AUSTIN (Nexstar) — The LGBTQ+ community and allies rallied outside of the Texas Capitol Thursday morning to speak out against proposed legislation they say would be harmful to transgender Texans.

Three bills the group mentioned in particular — SB 14, SB 250 and SB 1029 — were scheduled for a hearing Thursday in the Senate State Affair Committee.

SB 14, authored by Sen. Donna Campbell, R-New Braunfels, would prohibit physicians from giving “procedures and treatments for gender transitioning, gender reassignment” for children under the age of 18. The bill claims that such treatment includes puberty inhibiting drugs, hormone therapy and surgical interventions.

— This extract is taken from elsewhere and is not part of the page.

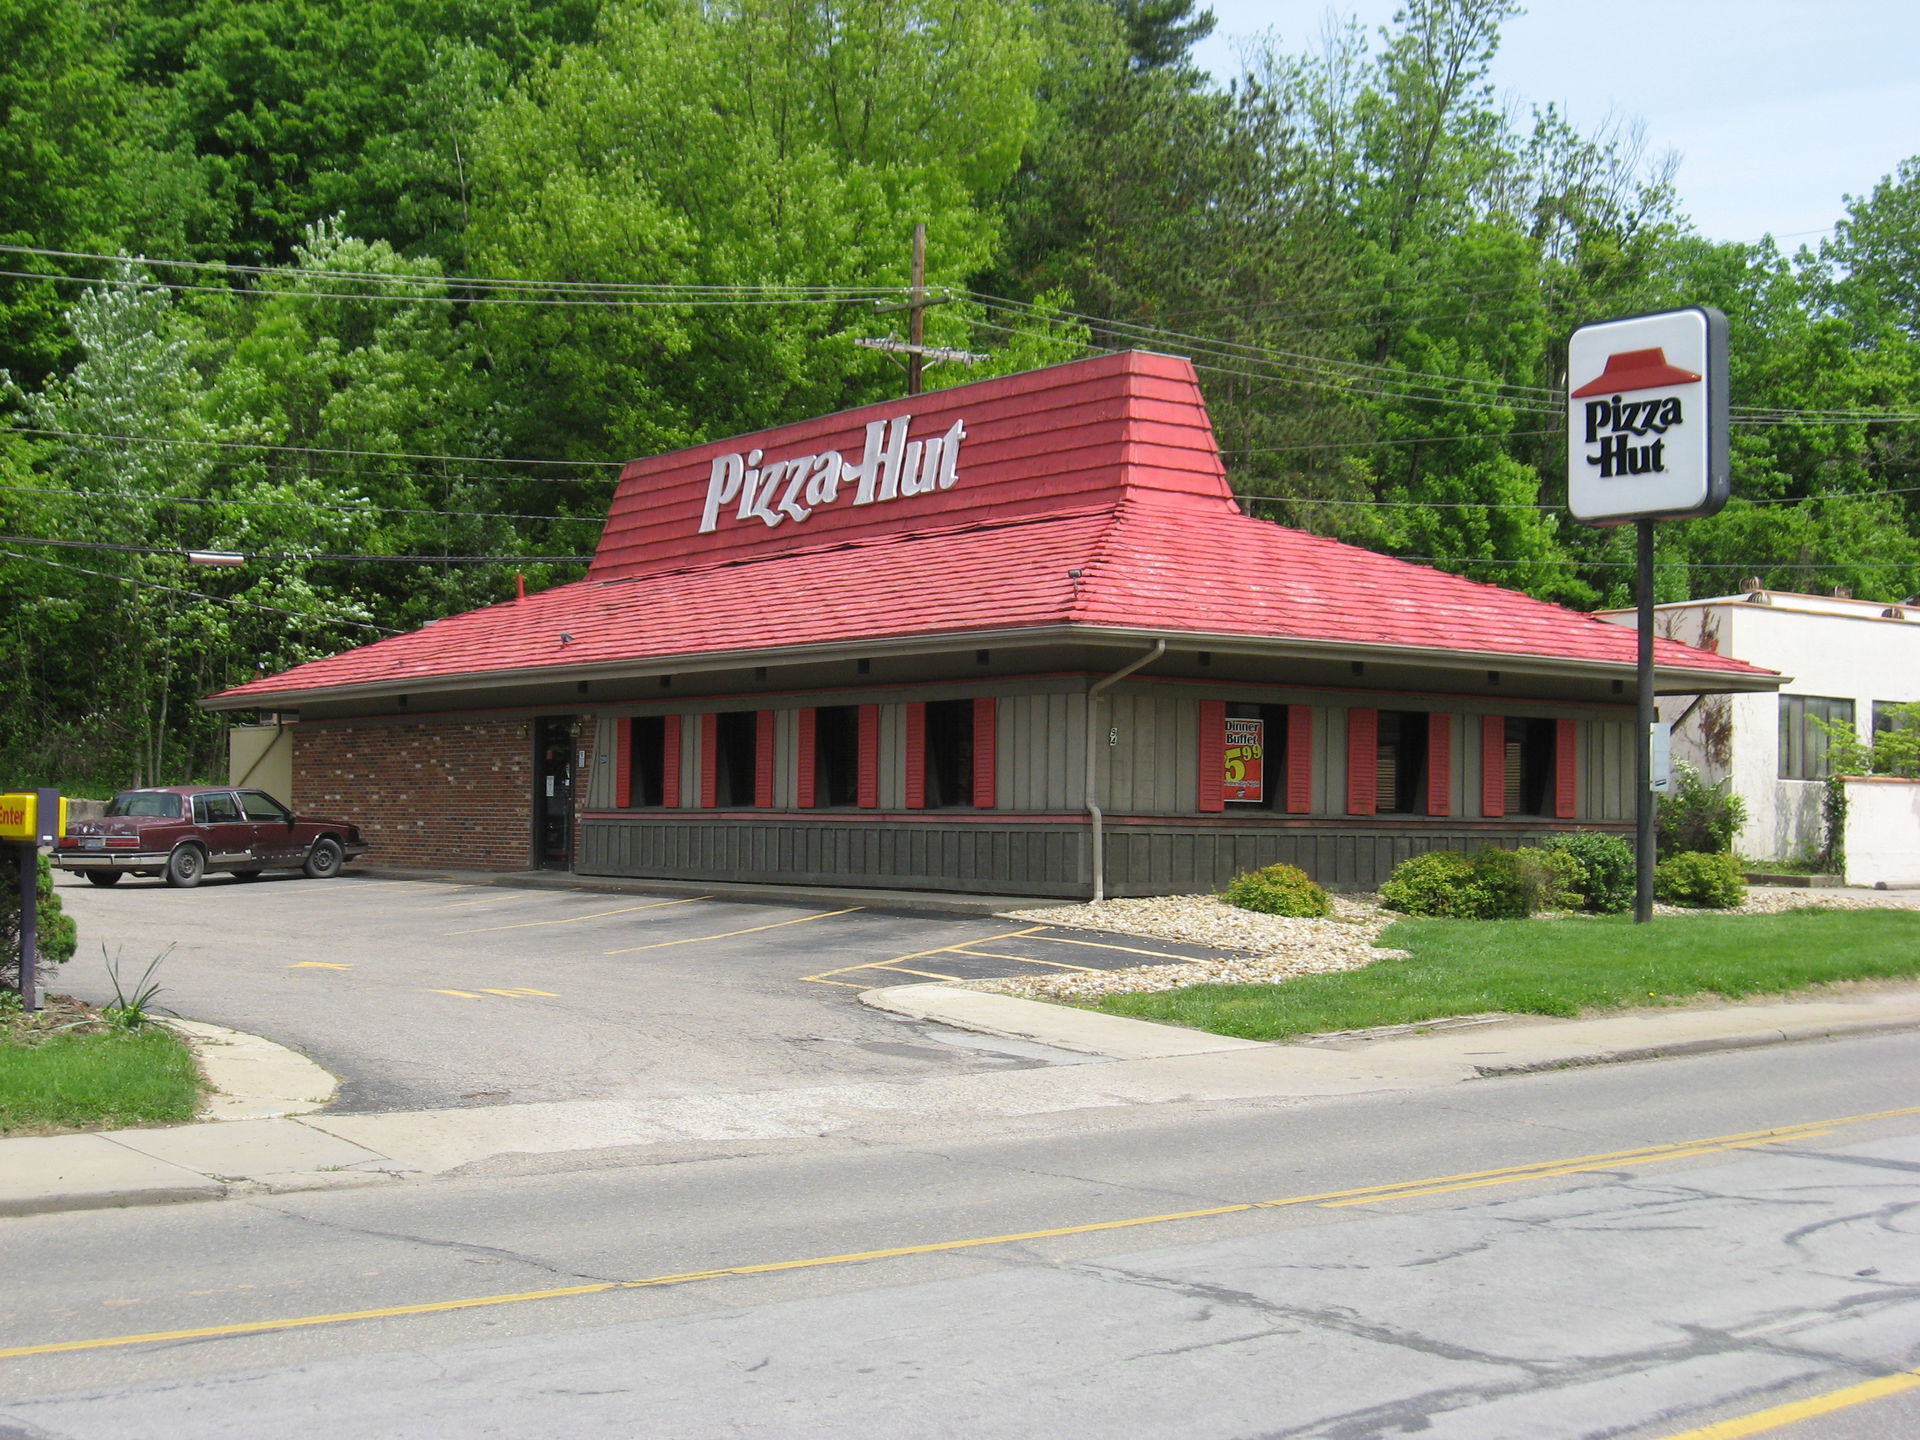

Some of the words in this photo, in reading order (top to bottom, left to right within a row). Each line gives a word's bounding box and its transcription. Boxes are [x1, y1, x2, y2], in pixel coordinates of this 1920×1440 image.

“SB 14 is all about child protection,” said Campbell during the committee hearing. “Our children need counseling and love, not blades and drugs.”

One parent, who has a transgender daughter, worries her child will not be able to continue necessary healthcare for her continued transition if SB 14 passes.

“She will be impacted, she will be harmed. Her normal childhood will evaporate,” she said at the rally.

Ricardo Martinez, the CEO of Equality Texas, said he hopes their protests will show lawmakers the faces behind the people these bills would impact.

“I think this is an incredibly urgent moment for all Texans, to come out to speak out on behalf of their neighbors, their families, their communities — because we need you,” he said.

But during the committee hearing, Campbell expressed concern of parents and doctors making life-altering decisions for their children, that their kids might regret as adults.

“Who’s taking care of the people if they decide to go backwards? Who is there for their detransitioning? Nobody,” she said.

The senator pointed to cases like that of Prisha Mosley, a woman from Michigan who has been traveling to different state legislatures to share her experience. As a teenager struggling with numerous mental health diagnoses, Mosley said she felt pressured to transition to the opposite gender. Now older, she is transitioning back to her sex assigned at birth.

“I was told that changing my gender would cure me. As an impressionable and mentally ill child, I fully believed this,” she said. “I don’t recognize myself when I look in the mirror. I am suffering from severe medical issues with which no doctors will help me and insurance covers nothing.”

Still, those opposed to the bill said these should be decisions made by parents and physicians, not the legislature.

“The overwhelming majority do not regret having the decision — the fact that they feel that they were born in the wrong gender,” said Sen. José Menéndez, D-San Antonio.

At least eight states have enacted laws similar to SB 14 and dozens of others are considering similar legislation.

Last year, Gov. Greg Abbott directed the Texas Department of Family and Protective Services to launch child abuse investigations into families who give their children gender-affirming care. Six months after that decision, KXAN reported fewer than a dozen investigations had been launched and no parents lost custody of their children.